Elected at the ballot box in 1842, Ballivián was a capable leader who enacted important reforms, including a revision of the Constitution. However, to stave any revolutionary plots by the rebellious Colonel Belzu and José Miguel de Velasco, Ballivián appointed military officers that supported him, like Dámaso Bilbao la Vieja and Eusebio Guilarte, in positions of power. He also encouraged the return of exiled military officers, such as Gregorio Fernández who was made Prefect of La Paz in 1843. Generally, he followed the organizational and administrative style of Santa Cruz and took great care to keep his supporters happy, thus positioning himself as the Grand Marshal's heir. It was Ballivián who ordered the first serious attempt at exploring and mapping the vastly unknown interior of the country and its frontiers.

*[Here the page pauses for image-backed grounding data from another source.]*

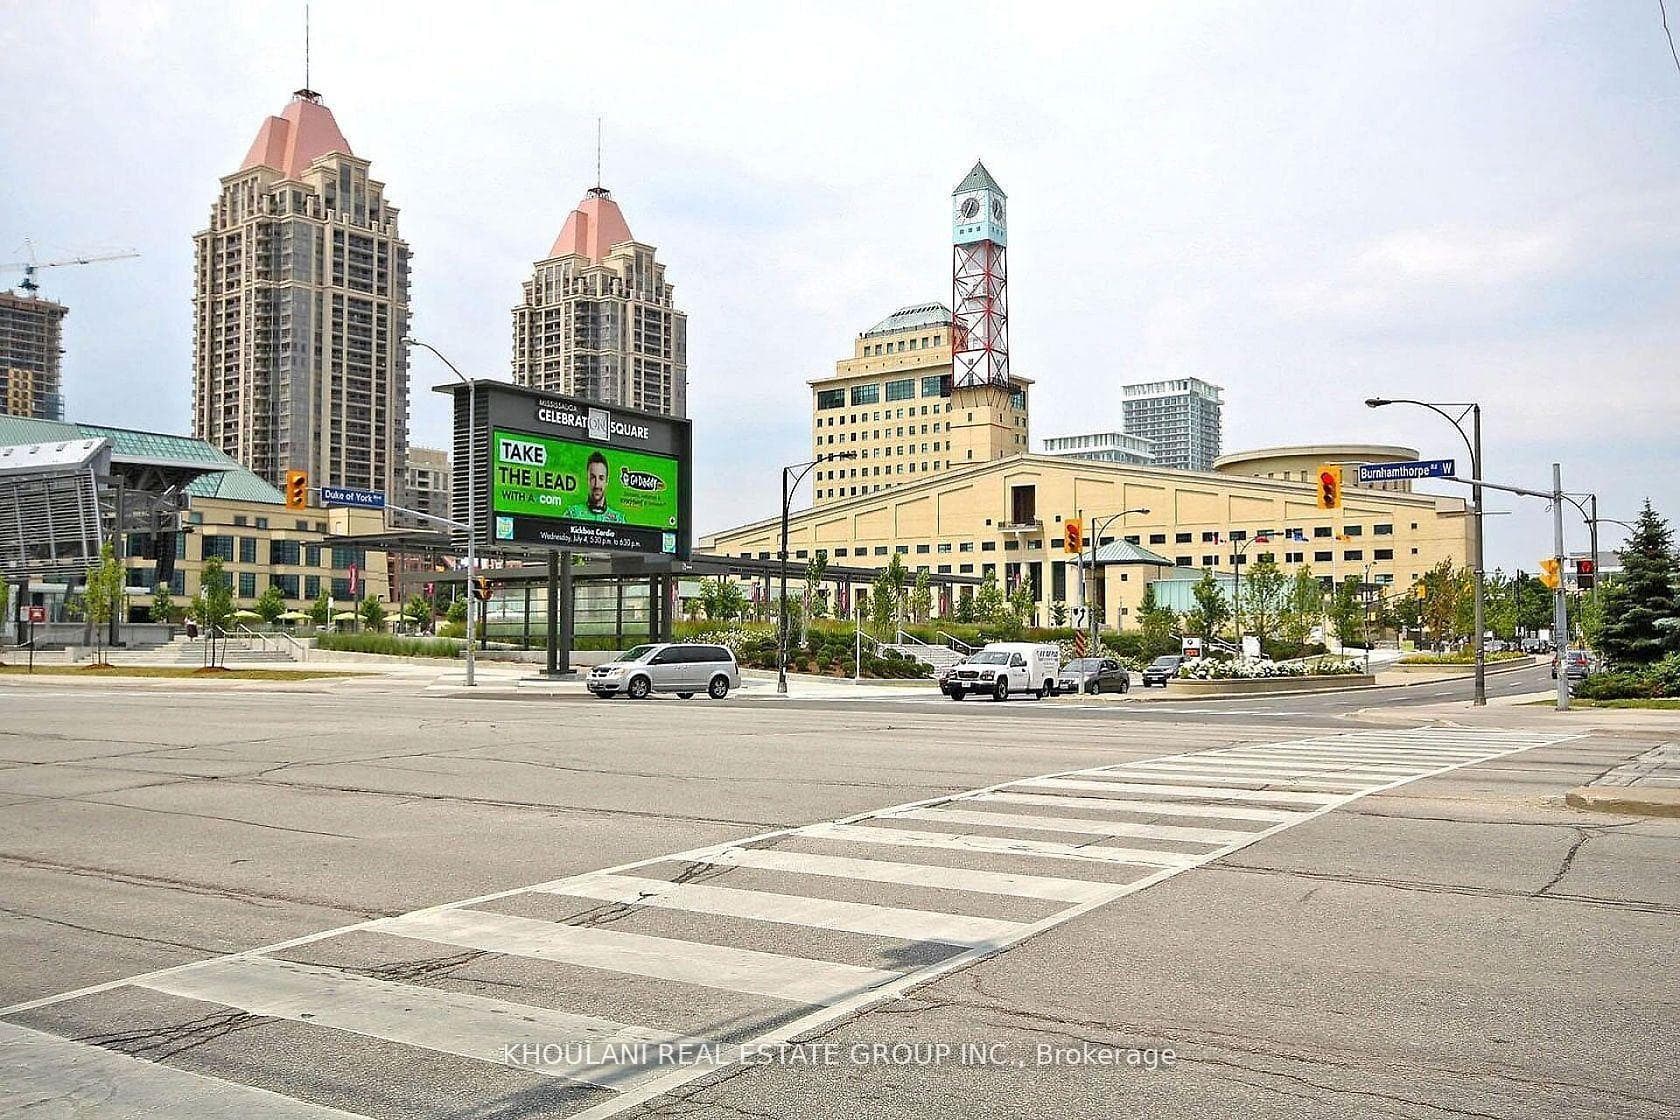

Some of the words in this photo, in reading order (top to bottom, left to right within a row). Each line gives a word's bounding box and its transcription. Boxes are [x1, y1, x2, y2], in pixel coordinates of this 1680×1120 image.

[610, 421, 649, 439] SQUARE
[502, 442, 543, 463] TAKE
[499, 467, 531, 486] THE
[536, 470, 577, 491] LEAD
[1361, 465, 1430, 479] Burnhamthorpe
[1442, 461, 1452, 474] W
[325, 489, 344, 499] Duke
[345, 492, 353, 500] of
[355, 492, 372, 502] York
[502, 490, 525, 502] WITH

He also created the Department of Beni, and endeavored to establish Bolivian control over the sea-fronting Department of Litoral. Under his administration, the guano riches of that frontier region were exploited for the first time in earnest. However, he failed to create a credible deterrent military presence in the area, since he tended to concentrate loyal troops in the important centers of population in order to quell rebellions, especially after 1845.

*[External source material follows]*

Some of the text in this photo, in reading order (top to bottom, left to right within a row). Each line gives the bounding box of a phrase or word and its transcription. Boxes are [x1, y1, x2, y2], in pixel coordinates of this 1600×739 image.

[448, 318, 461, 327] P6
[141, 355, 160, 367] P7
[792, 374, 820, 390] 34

=== Downfall and death ===
Ballivián had the misfortune of experiencing the defection, and subsequent dogged personal opposition, of the charismatic General Manuel Isidoro Belzu, once head of the Army but now wounded by the alleged or perceived pursuit of his wife by the President. Belzu withdrew to the countryside with his followers in 1845 and, swearing revenge, all but declared war on Ballivián, igniting a massive confrontation that polarized Bolivian society. Little by little, the populist Belzu's legend grew, while Ballivián's became more tarnished, especially when the latter was forced to resort to increasingly authoritarian measures to keep control.

Eventually, civil war-like conditions erupted, forcing the embattled Hero of Ingavi to flee shortly before Christmas of 1847. He left in his place General Eusebio Guilarte, head of the Council of State and second in line to the presidency in accordance to the new Constitution Ballivián himself had promulgated.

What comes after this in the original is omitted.